Records contained in a dataset:
□ □ □

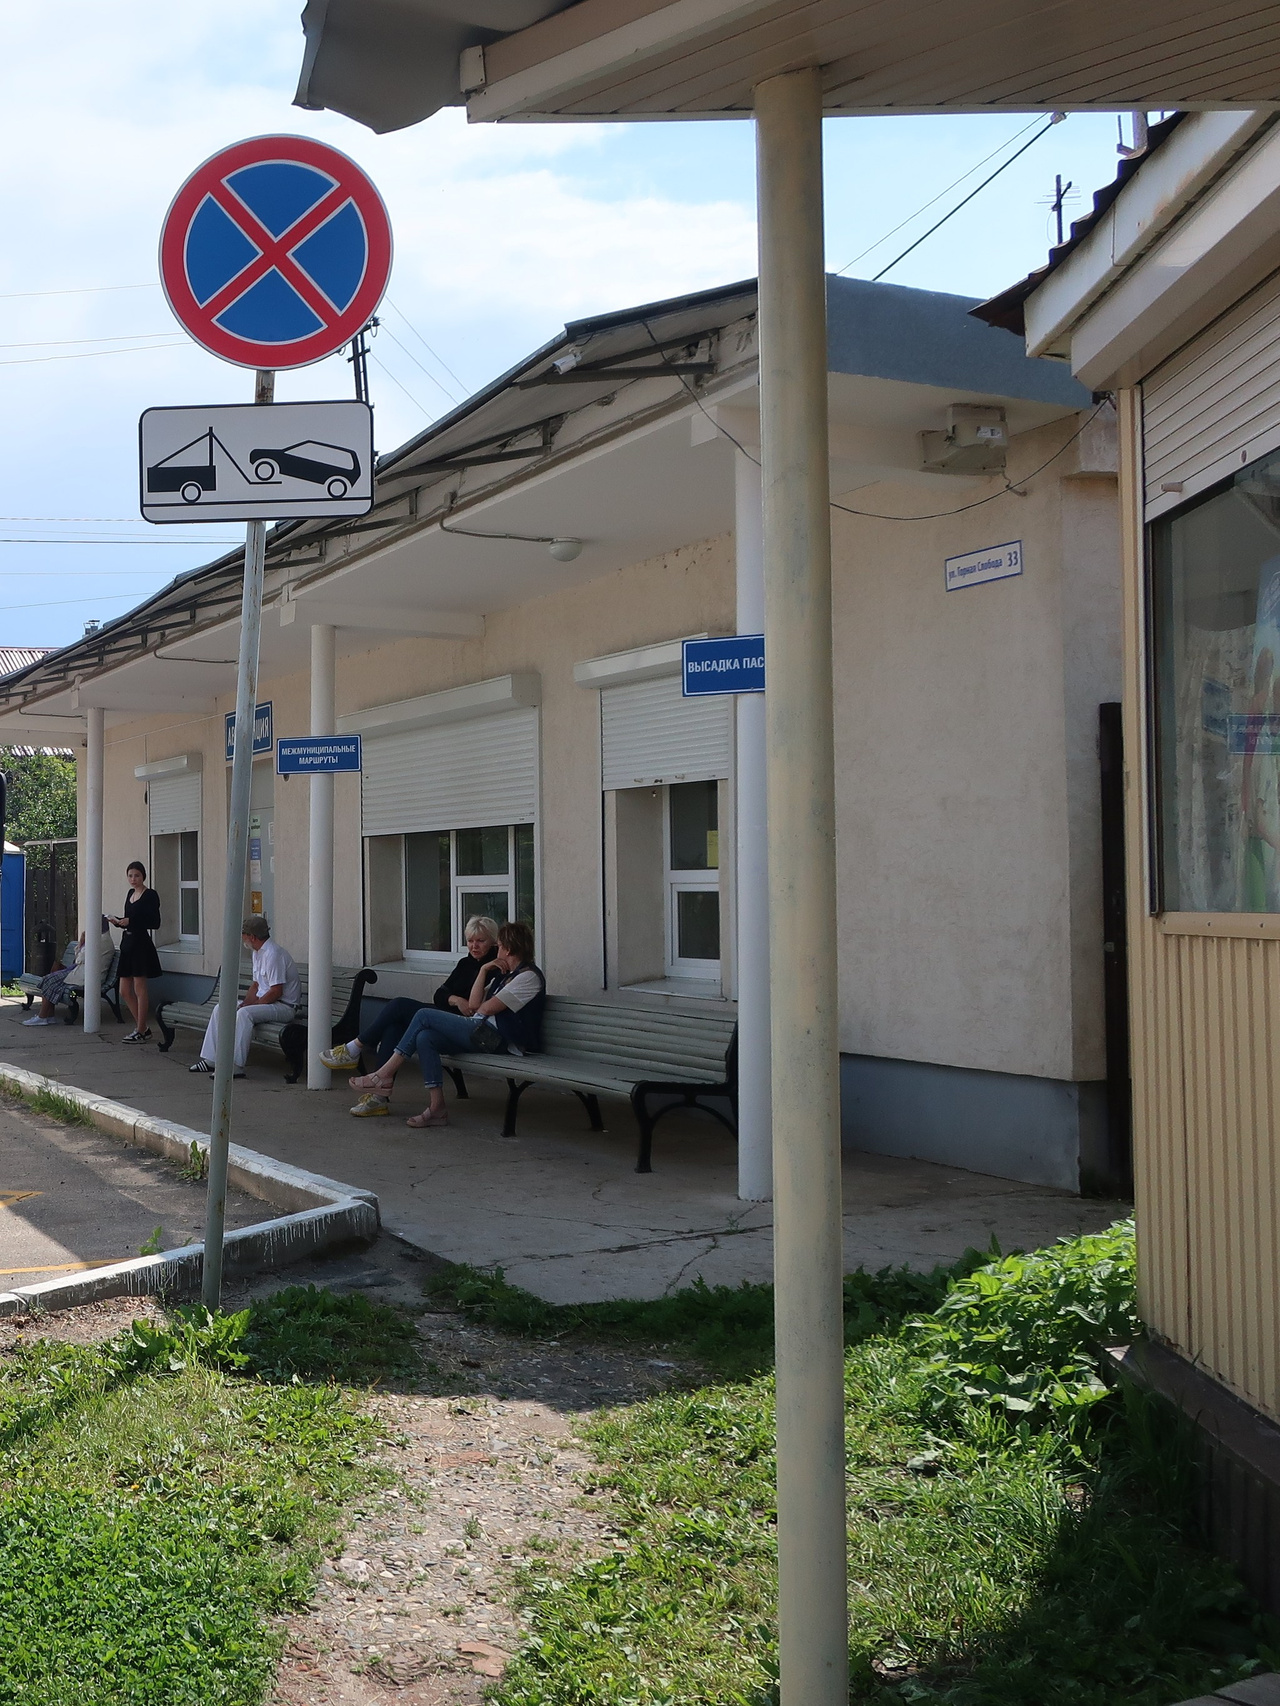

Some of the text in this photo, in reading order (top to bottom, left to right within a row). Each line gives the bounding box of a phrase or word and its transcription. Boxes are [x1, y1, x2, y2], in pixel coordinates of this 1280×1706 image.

[957, 565, 976, 578] Горная
[978, 558, 1002, 572] Слобода
[1007, 550, 1018, 567] 33
[688, 656, 765, 673] ВЫСАДКА ПАС
[281, 744, 356, 756] МЕЖМУНИЦИПАЛЬНЫЕ
[298, 755, 338, 765] МАРШРУТЫ
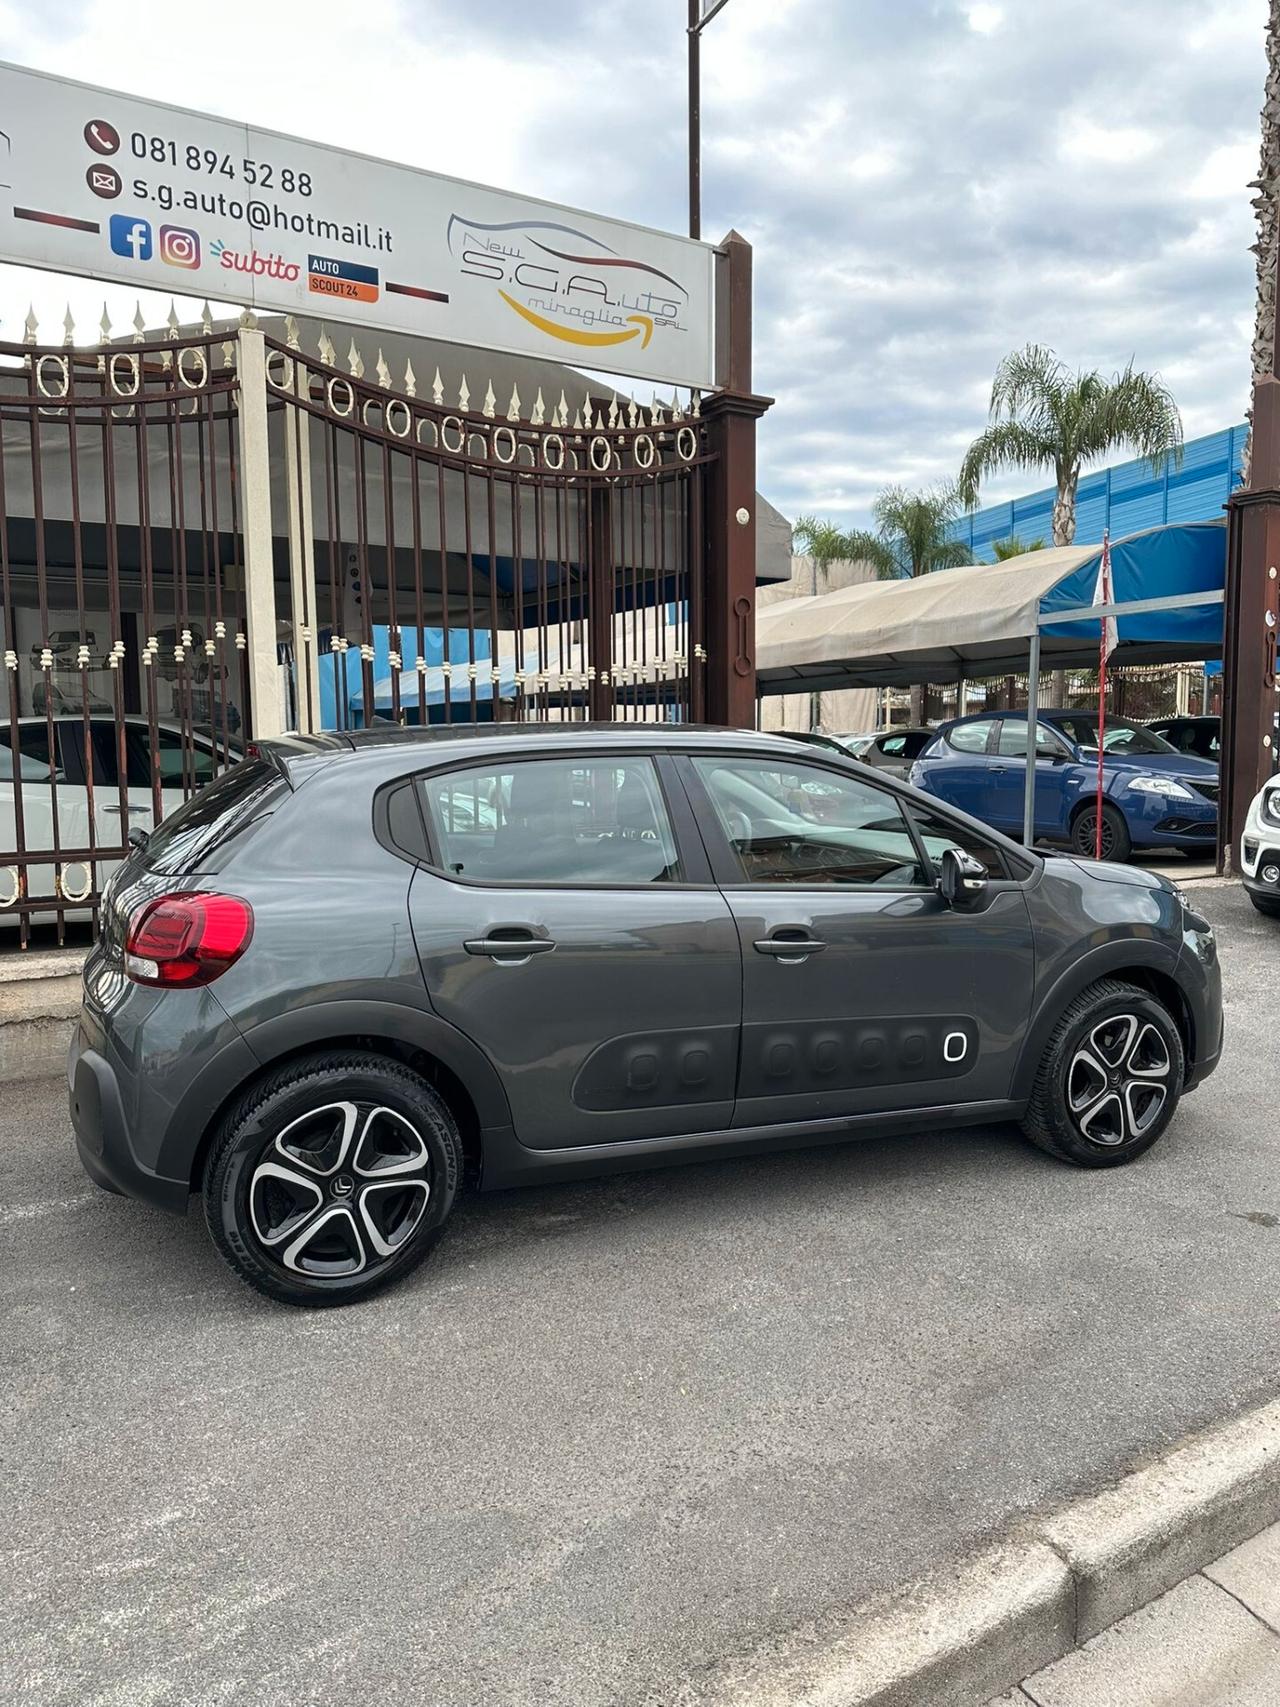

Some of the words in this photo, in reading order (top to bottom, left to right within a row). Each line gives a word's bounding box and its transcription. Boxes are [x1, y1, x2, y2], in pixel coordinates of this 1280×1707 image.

[131, 132, 177, 166] 081
[186, 145, 235, 180] 894
[243, 158, 274, 189] 52
[281, 168, 313, 197] 88
[132, 178, 393, 252] s.g.auto@hotmail.it
[220, 249, 301, 282] subito
[312, 259, 339, 275] AUTO
[312, 277, 346, 294] SCOUT
[346, 284, 359, 297] 24
[528, 297, 627, 326] miraglia

□ □ □

§ WHAT IS EXPECTED
Set down the records in full and exactly. Do not carry over any image.

§ RESULT BELOW
Some of the text in this photo, in reading order (top to bottom, left to right within a row). Each line gives the bounding box of a phrase or word and its transcription. Boxes are [x1, y1, x2, y2], in pixel coordinates of this 1280×1706 image.

[957, 565, 976, 578] Горная
[978, 558, 1002, 572] Слобода
[1007, 550, 1018, 567] 33
[688, 656, 765, 673] ВЫСАДКА ПАС
[281, 744, 356, 756] МЕЖМУНИЦИПАЛЬНЫЕ
[298, 755, 338, 765] МАРШРУТЫ

Some of the words in this photo, in reading order (top to bottom, left to right within a row). Each line gives a word's bounding box and its transcription. Boxes are [x1, y1, x2, y2], in pixel coordinates of this 1280×1707 image.

[131, 132, 177, 166] 081
[186, 145, 235, 180] 894
[243, 158, 274, 189] 52
[281, 168, 313, 197] 88
[132, 178, 393, 252] s.g.auto@hotmail.it
[220, 249, 301, 282] subito
[312, 259, 339, 275] AUTO
[312, 277, 346, 294] SCOUT
[346, 284, 359, 297] 24
[528, 297, 627, 326] miraglia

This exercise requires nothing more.